Direito e Política História Política e Institucional Personalidades

heberden, thomas

Thomas Heberden (1703-1769) foi um médico e naturalista inglês, membro da Royal Society desde 1761. Viveu muitos anos nas ilhas Canárias e, posteriormente, mudou-se para a Madeira, onde exerceu medicina até à sua morte, em 1769. Irmão do eminente médico londrino William Heberden (1710-1801), Thomas foi um dos primeiros médicos a recomendar o Funchal como destino para as pessoas que sofriam de doenças pulmonares, tendo prestado importantes serviços durante a epidemia de sarampo que eclodiu na Ilha em 1751. Publicou numerosos artigos sobre a Madeira na Philosophical Transactions of the Royal Society entre 1751 e 1770, entre eles, as primeiras observações meteorológicas da Madeira, “Observations of the Weather in Madeira, A continuation of the account of the weather in Madeira”, com medições de pressão atmosférica e temperatura ao longo dos anos; um relatório pormenorizado sobre o terramoto acontecido na Ilha em 1761, “An account of the earthquake felt in the Island of Madeira, March 31, 1761”; e um artigo sobre o aumento da mortalidade dos habitantes da Madeira, “Of the increase and mortality of the inhabitants of the Island of Madeira”. Na Madeira, Heberden conheceu o naturalista e botânico inglês Joseph Banks, durante a primeira viagem do capitão James Cook a bordo do Endeavour, em 1768, e deu assistência a Banks e ao seu colega Daniel Solander, botânico suíço, na sua atividade de recolha de plantas na Ilha.

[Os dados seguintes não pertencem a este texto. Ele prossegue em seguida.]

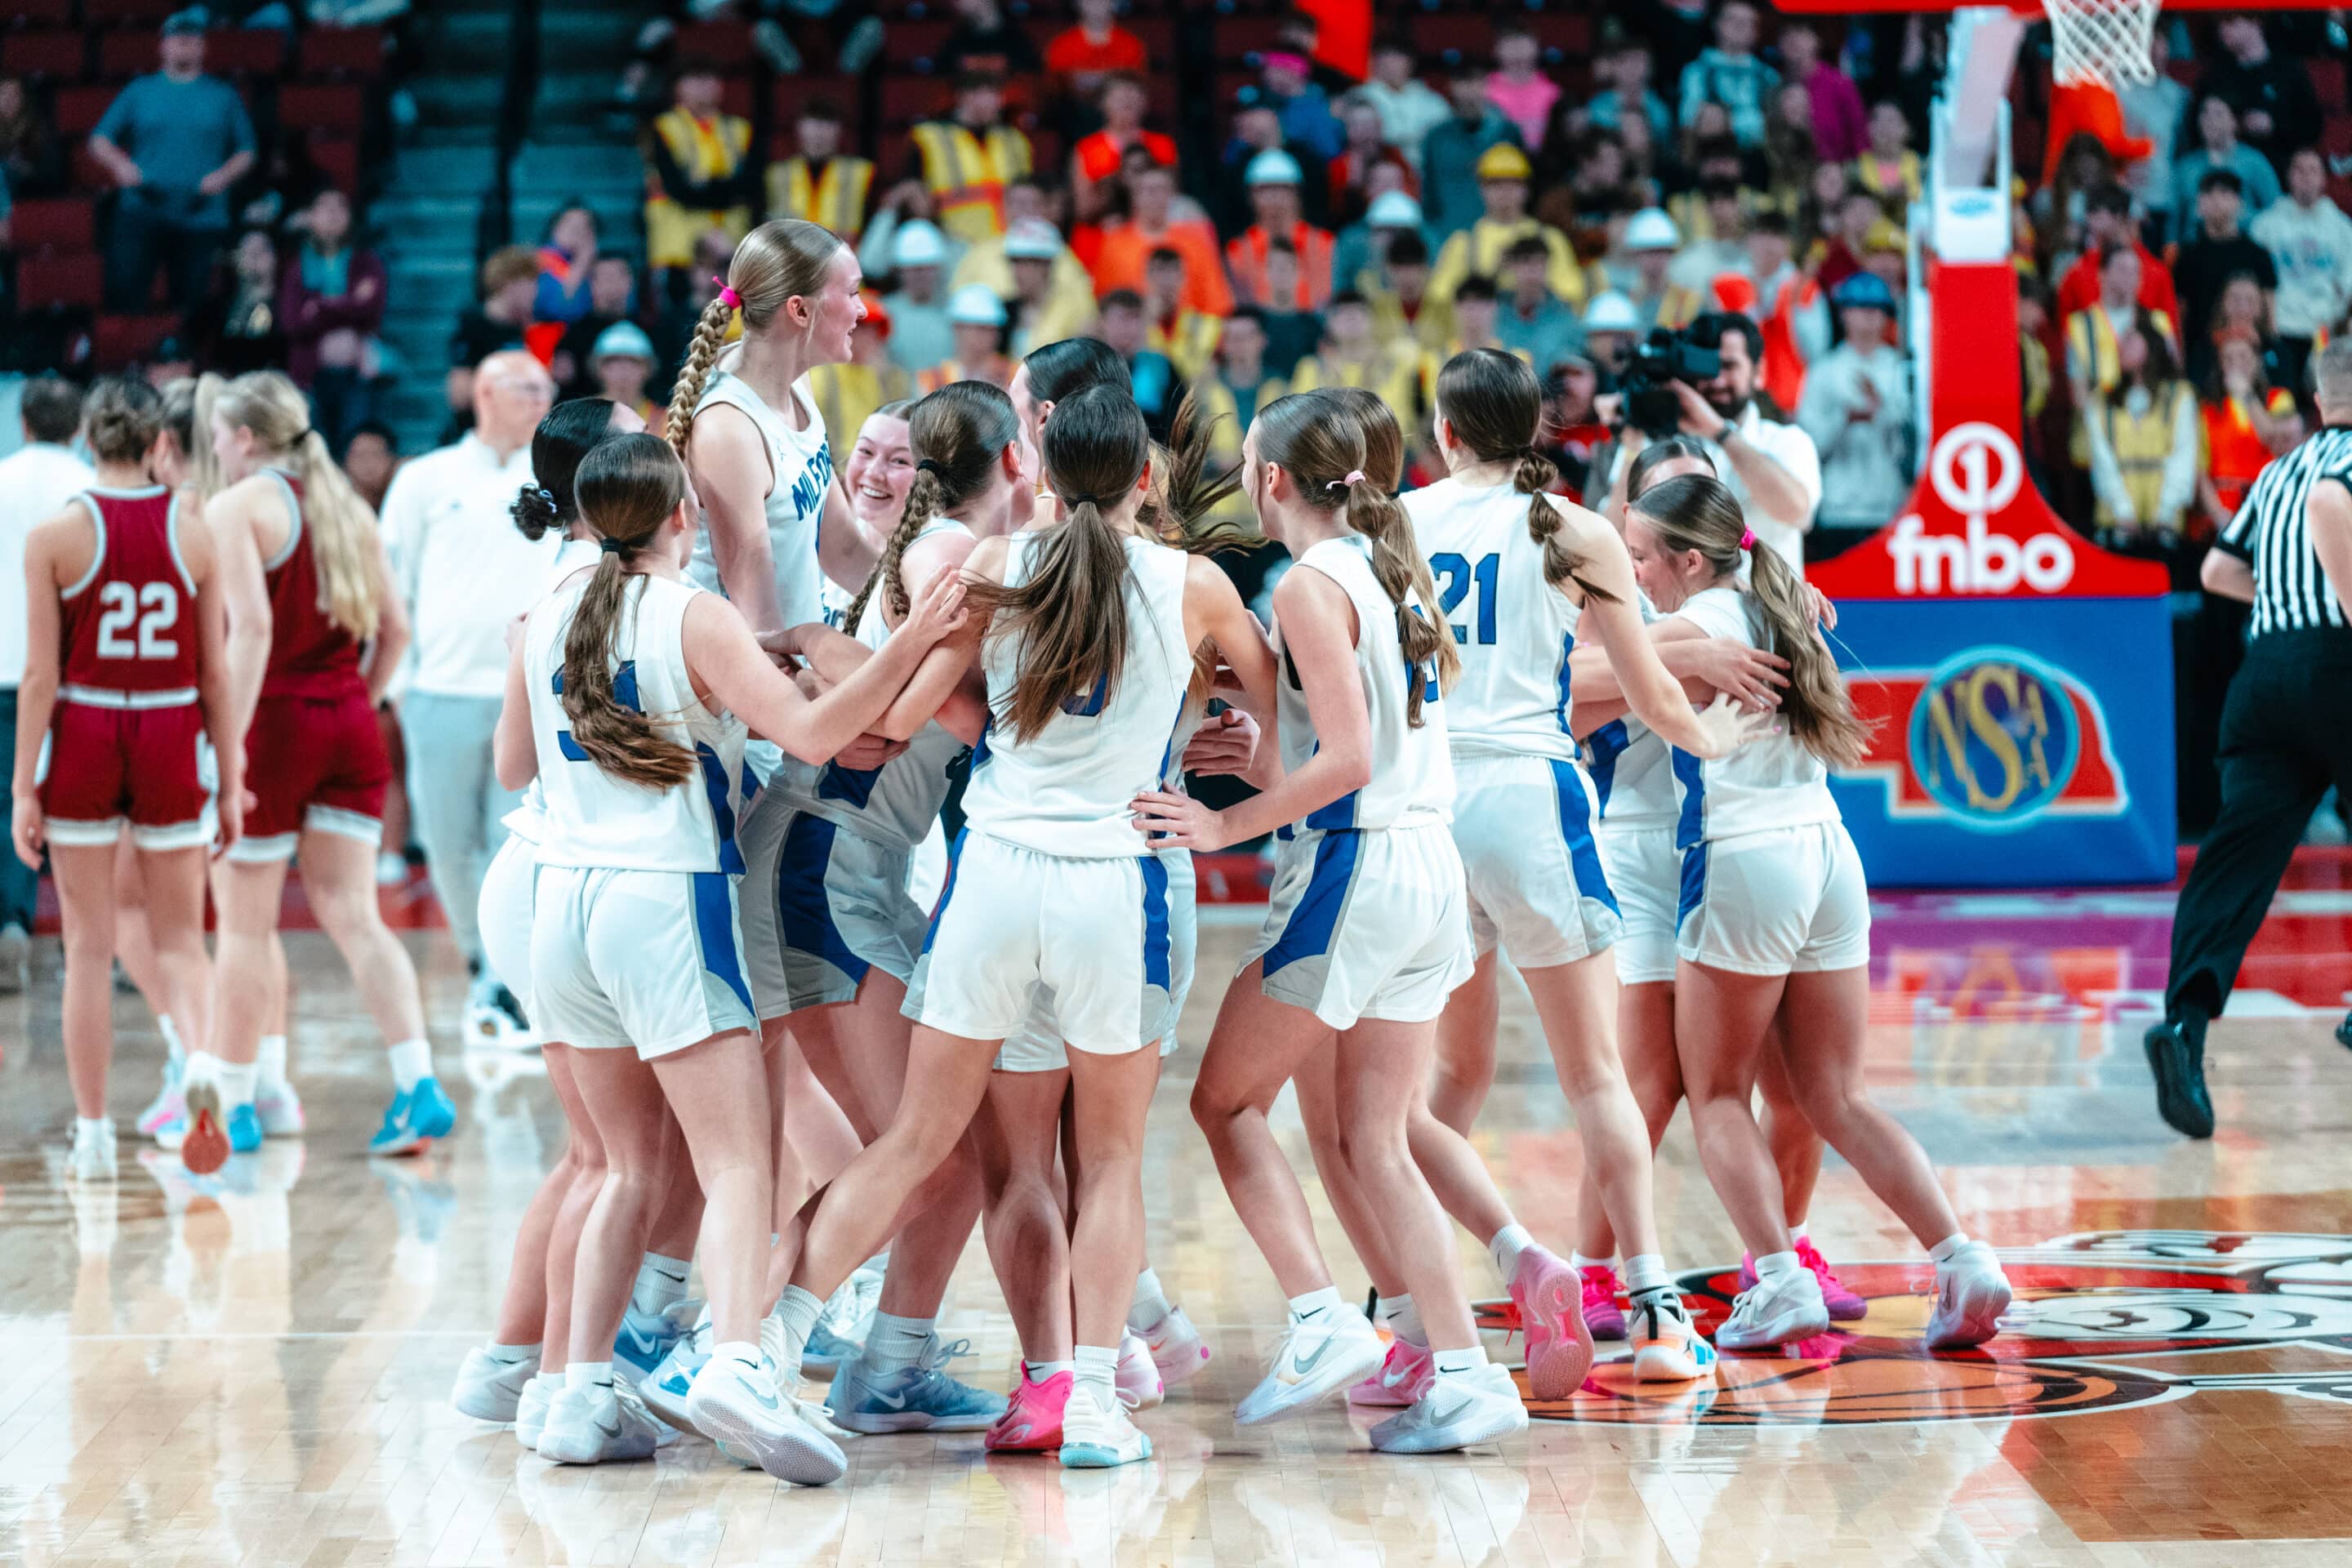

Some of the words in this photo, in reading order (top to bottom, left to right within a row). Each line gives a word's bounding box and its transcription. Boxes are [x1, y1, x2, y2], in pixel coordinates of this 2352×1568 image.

[1886, 511, 2075, 595] fnbo
[98, 581, 178, 660] 22
[1429, 552, 1500, 644] 21
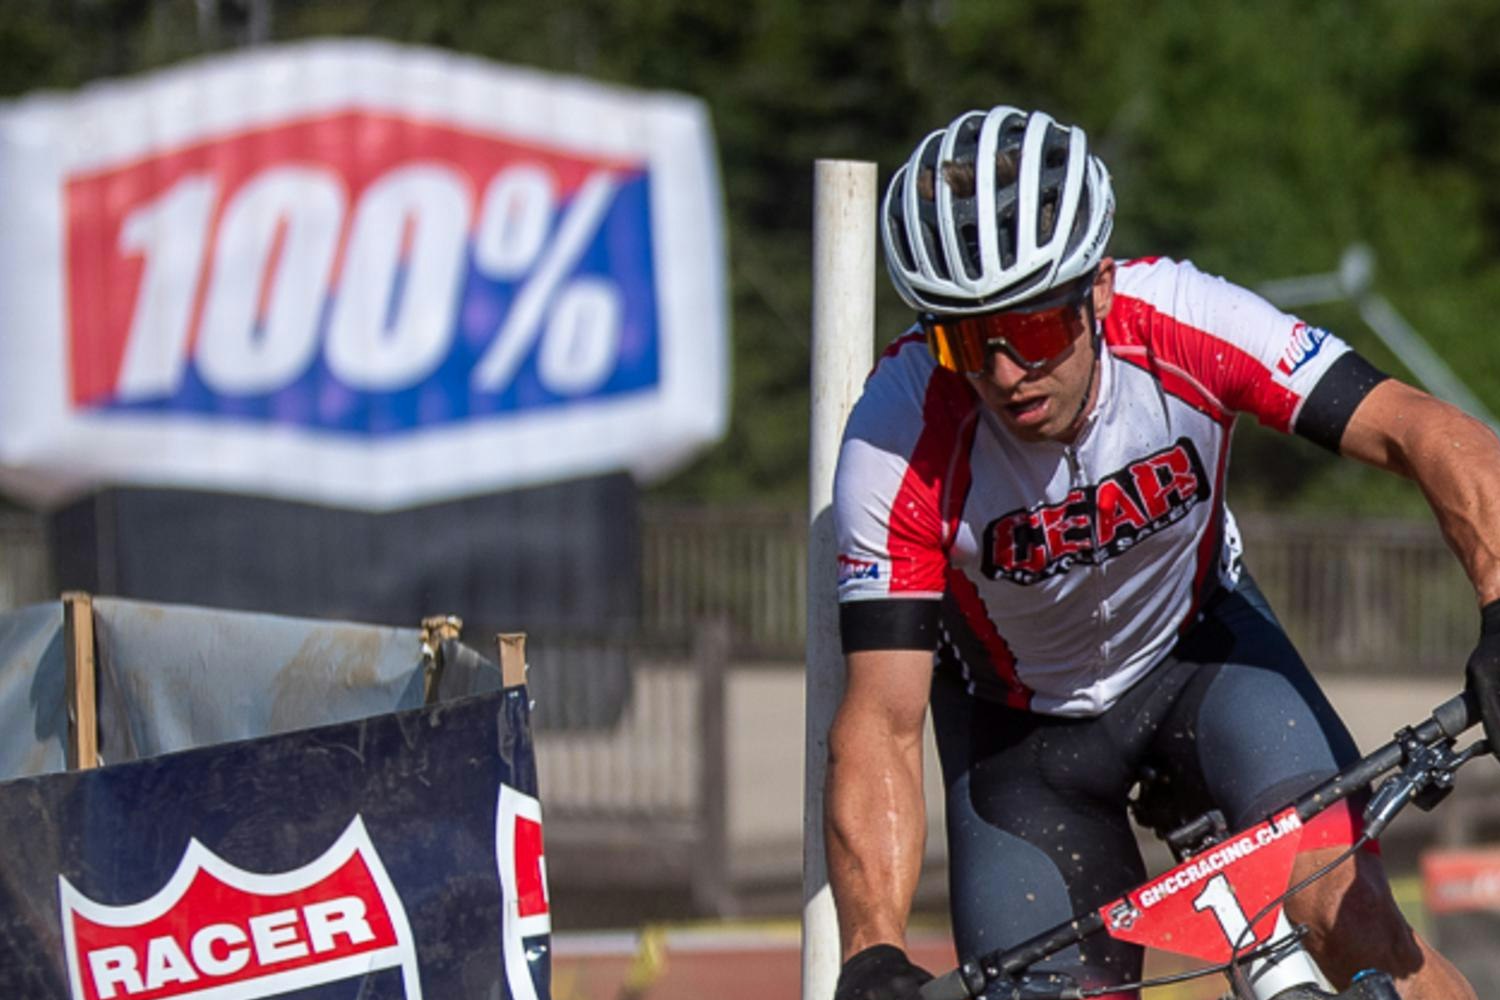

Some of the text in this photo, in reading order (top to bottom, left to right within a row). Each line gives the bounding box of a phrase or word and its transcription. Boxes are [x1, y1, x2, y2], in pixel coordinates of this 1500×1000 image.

[113, 160, 622, 397] 100%
[87, 894, 378, 1000] RACER
[1192, 871, 1258, 951] 1

Estas coleções botânicas foram depositadas no herbário do Museu de História Natural de Londres. Banks dedicou a Thomas um novo género de plantas, Heberdenia, pertencente à família Myrsinaceae. Estas plantas são endémicas à Laurisilva e conhecidas vulgarmente como aderno. Thomas Heberden morreu no Funchal, em 1769. Obras de Thomas Heberden: “Observations of the Weather in Madeira, A continuation of the account of the weather in Madeira” (1754); “An account of the earthquake felt in the Island of Madeira, March 31, 1761” (1761); “Of the increase and mortality of the inhabitants of the Island of Madeira” (1767).     Pamela Puppo (atualizado a 23.02.2018)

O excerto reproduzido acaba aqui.